When they designed the study, the researchers wanted to see how feasible LCS would be in terms of resources and effort, whether patients would take part, what their clinical experience might be, and what type of findings the screenings might produce. The researchers found that establishing and sustaining a screening program requires “significant clinical effort for as-yet uncertain patient benefit.” They also found “wide variation” in both processes and patient experiences among the 8 VA hospitals in the study. Moreover, they found that, although most patients had findings that required follow-up, few had early-stage lung cancers.

Of the 2,106 screened patients in a JAMA Internal Medicine study, 1,257 had nodules. More than half of those required tracking, and 2% required further evaluation, but the findings were not cancer. Just 1.5% had lung cancer. Scans of 857 patients (40.7%) also revealed a variety of incidental findings, such as emphysema, other pulmonary abnormalities, and coronary artery calcification.

The researchers say that implementing a comprehensive program that followed recommendations was “challenging and complex,” requiring new tools and processes for staff as well as for dedicated patient coordination. As an example, they say creating electronic tools to capture the necessary clinical data in real time that met the needs of the screening coordinators proved to be difficult, “even with the VHA’s highly regarded electronic medical record.”

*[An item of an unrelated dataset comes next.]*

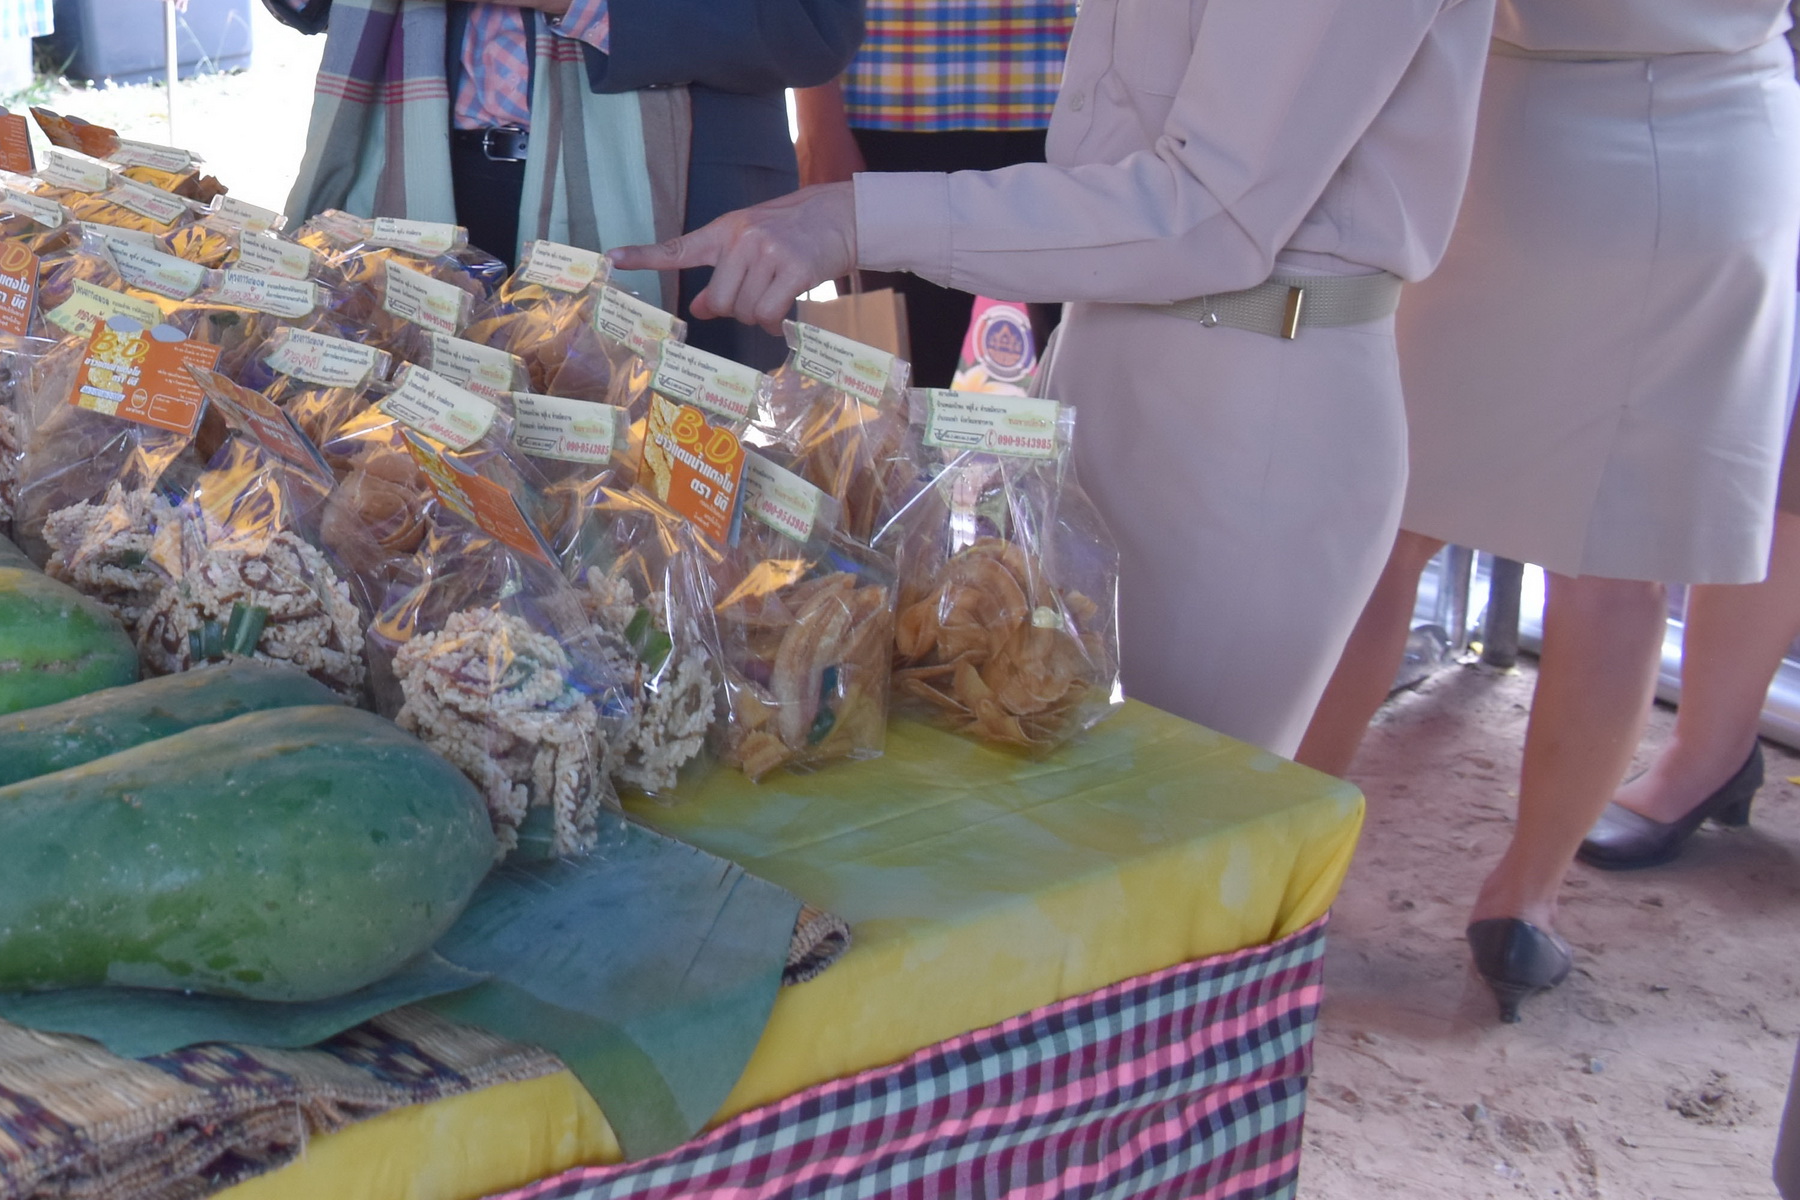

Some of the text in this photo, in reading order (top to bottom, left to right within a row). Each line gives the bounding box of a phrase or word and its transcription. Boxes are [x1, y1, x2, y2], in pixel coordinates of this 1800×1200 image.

[671, 405, 739, 474] B.D.
[997, 434, 1052, 450] 090-9543985
[690, 477, 711, 500] ตรา

Also, finding out who actually had a smoking history of > 30 pack-years of smoking per the USPSTF recommendation was not easy. Lead investigator Linda Kinsinger, MD, MPH, points out, “People who smoke don’t track that sort of thing as closely as you think they would, and they don’t smoke at the same level for years and years.”

The researchers estimate that nearly 900,000 veterans meet the initial screening criteria for age, smoking history, and medical history, but they caution that accurately identifying the patients and discussing risks and benefits will take “significant effort” for primary care teams. Even if that number were reduced by 16% to account for longer medical contraindications, the number of veterans who might be candidates for annual LCS would be “substantial.” And based on the researchers’ experience, a bit more than half the candidates will agree to be screened.

Although screening programs are a complex endeavor, the researchers say, the results of their study can help the VHA plan for broader implementation of comprehensive screening programs.

“What [the VHA] is reporting is the initial experience for almost everybody,” said Lynn Tanoue, MD, director of the Lung Screening and Nodule Program at Yale Cancer Center in New Haven, Connecticut, in an interview with the NCI. “Until people really started doing lung cancer screening and began to understand the challenges of doing it properly, you couldn’t have known what it was going to be like.” But she adds, “The data from NLST were very clear. We should accept that there is benefit and choose the right population to screen.”

However, although the LDCT screening can find signs of early lung cancer, a biopsy is often necessary. Researchers from Boston University suggest an effective, much less invasive approach: analyzing gene expression in nasal cell samples.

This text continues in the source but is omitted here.